INSTRUCTIONS FOR THE TASK: Down to the last line, restate the records below word for word, dropping every image.

DATASET:
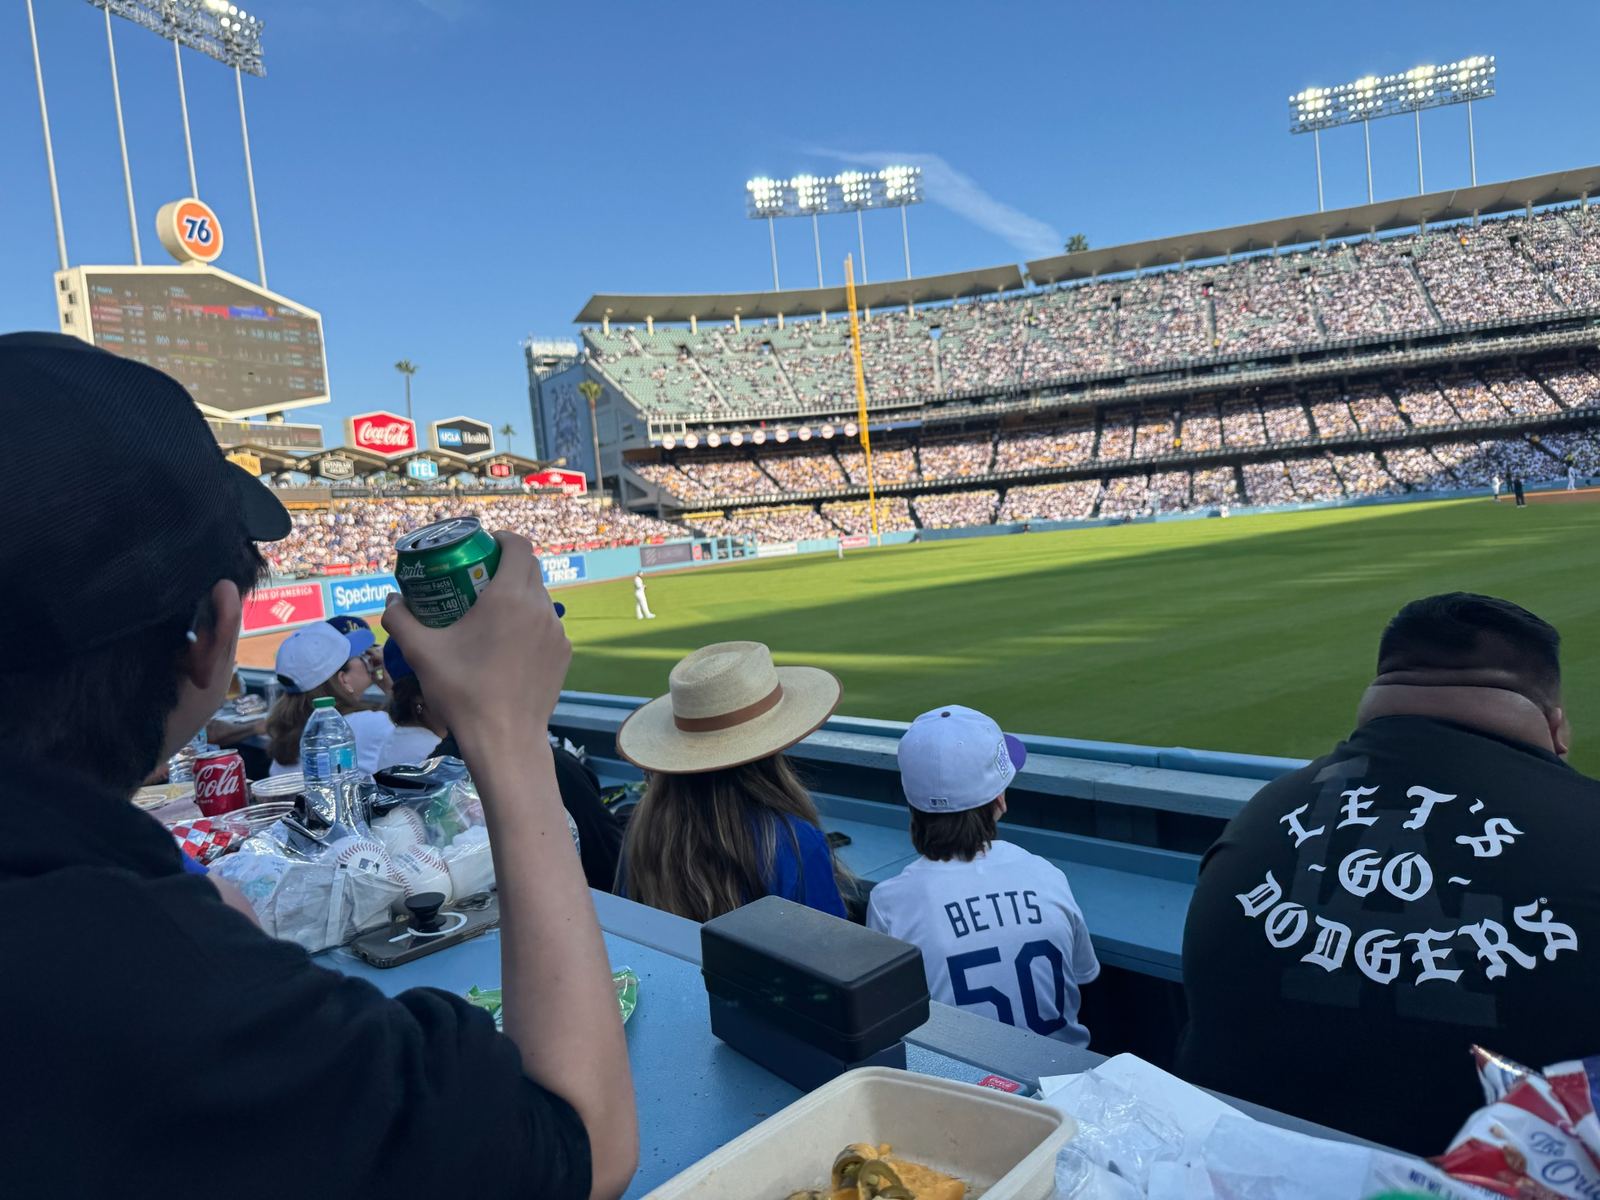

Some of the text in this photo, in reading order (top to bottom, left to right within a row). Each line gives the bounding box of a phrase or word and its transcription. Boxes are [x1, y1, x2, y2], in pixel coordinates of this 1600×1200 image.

[184, 217, 212, 245] 76
[441, 431, 489, 444] UCLA Health
[543, 557, 569, 571] TOYO
[548, 567, 578, 582] TIRES
[280, 585, 313, 599] AMERICA
[335, 583, 393, 608] Spectrum
[440, 599, 458, 610] 140
[195, 760, 242, 798] Cola
[1279, 785, 1525, 858] LET'S
[944, 890, 1042, 938] BETTS
[1235, 870, 1579, 986] DODGERS
[947, 940, 1067, 1036] 50
[1529, 1131, 1567, 1157] The
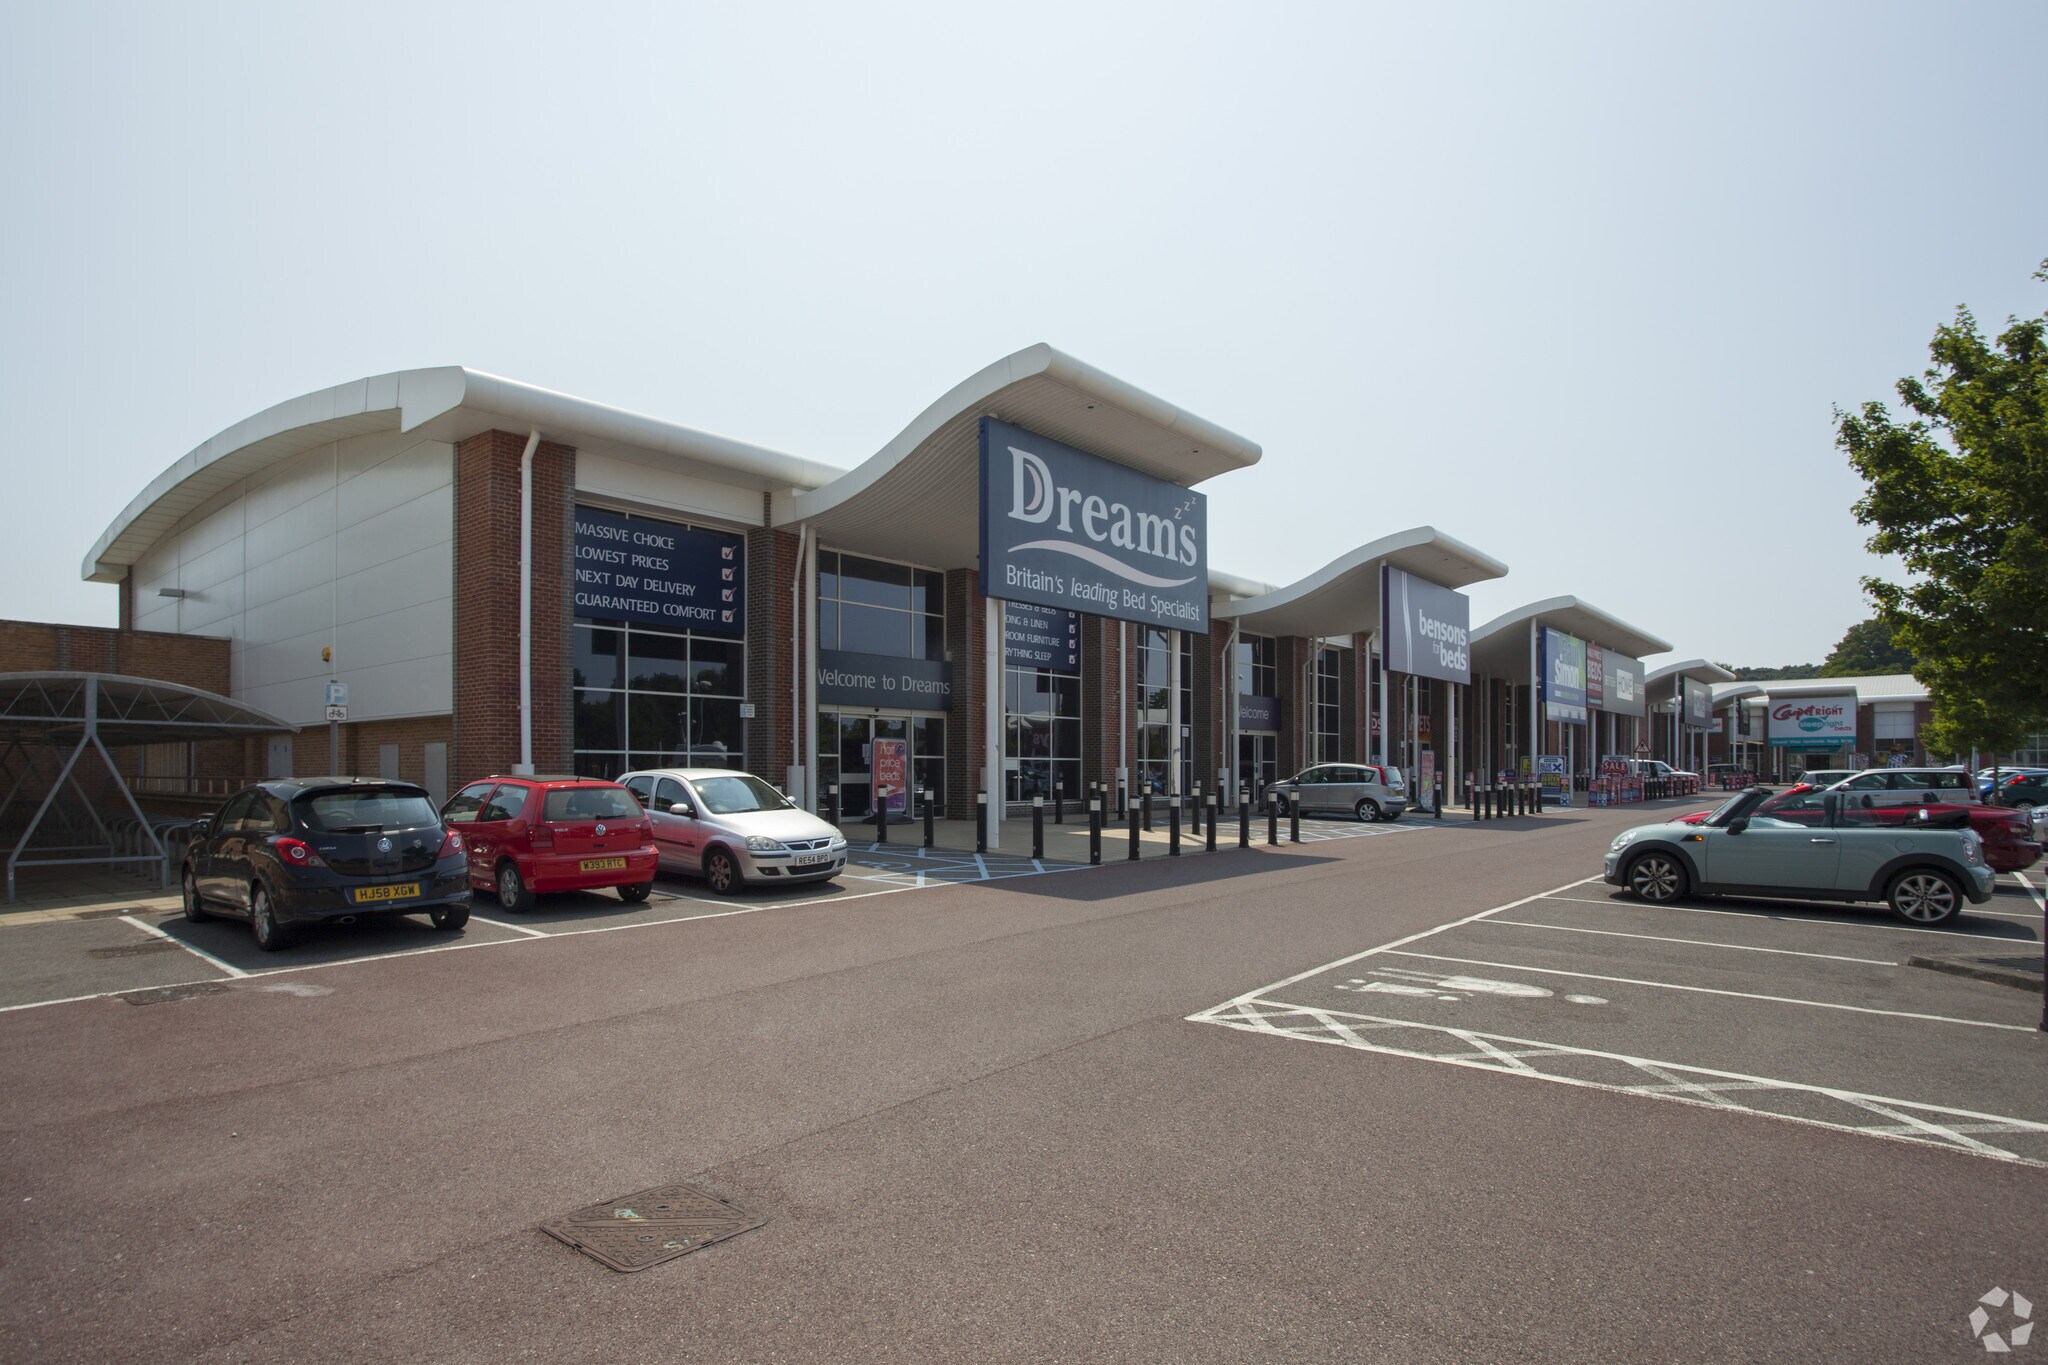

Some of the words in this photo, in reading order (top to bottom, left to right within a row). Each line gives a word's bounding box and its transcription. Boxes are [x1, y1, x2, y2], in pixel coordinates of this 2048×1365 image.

RESULT FOR THIS EXERCISE:
Some of the text in this photo, in reading order (top to bottom, left to right within a row). Each line gives the bounding box of a phrase or word and its transcription. Boxes are [x1, y1, x2, y2], in pixel coordinates of this 1600×1200 image.

[184, 217, 212, 245] 76
[441, 431, 489, 444] UCLA Health
[543, 557, 569, 571] TOYO
[548, 567, 578, 582] TIRES
[280, 585, 313, 599] AMERICA
[335, 583, 393, 608] Spectrum
[440, 599, 458, 610] 140
[195, 760, 242, 798] Cola
[1279, 785, 1525, 858] LET'S
[944, 890, 1042, 938] BETTS
[1235, 870, 1579, 986] DODGERS
[947, 940, 1067, 1036] 50
[1529, 1131, 1567, 1157] The

Some of the words in this photo, in reading order (top to bottom, left to right within a row). Each line gives a word's bounding box and its transcription. Boxes are [x1, y1, x2, y2], in pixel coordinates of this 2048×1365 image.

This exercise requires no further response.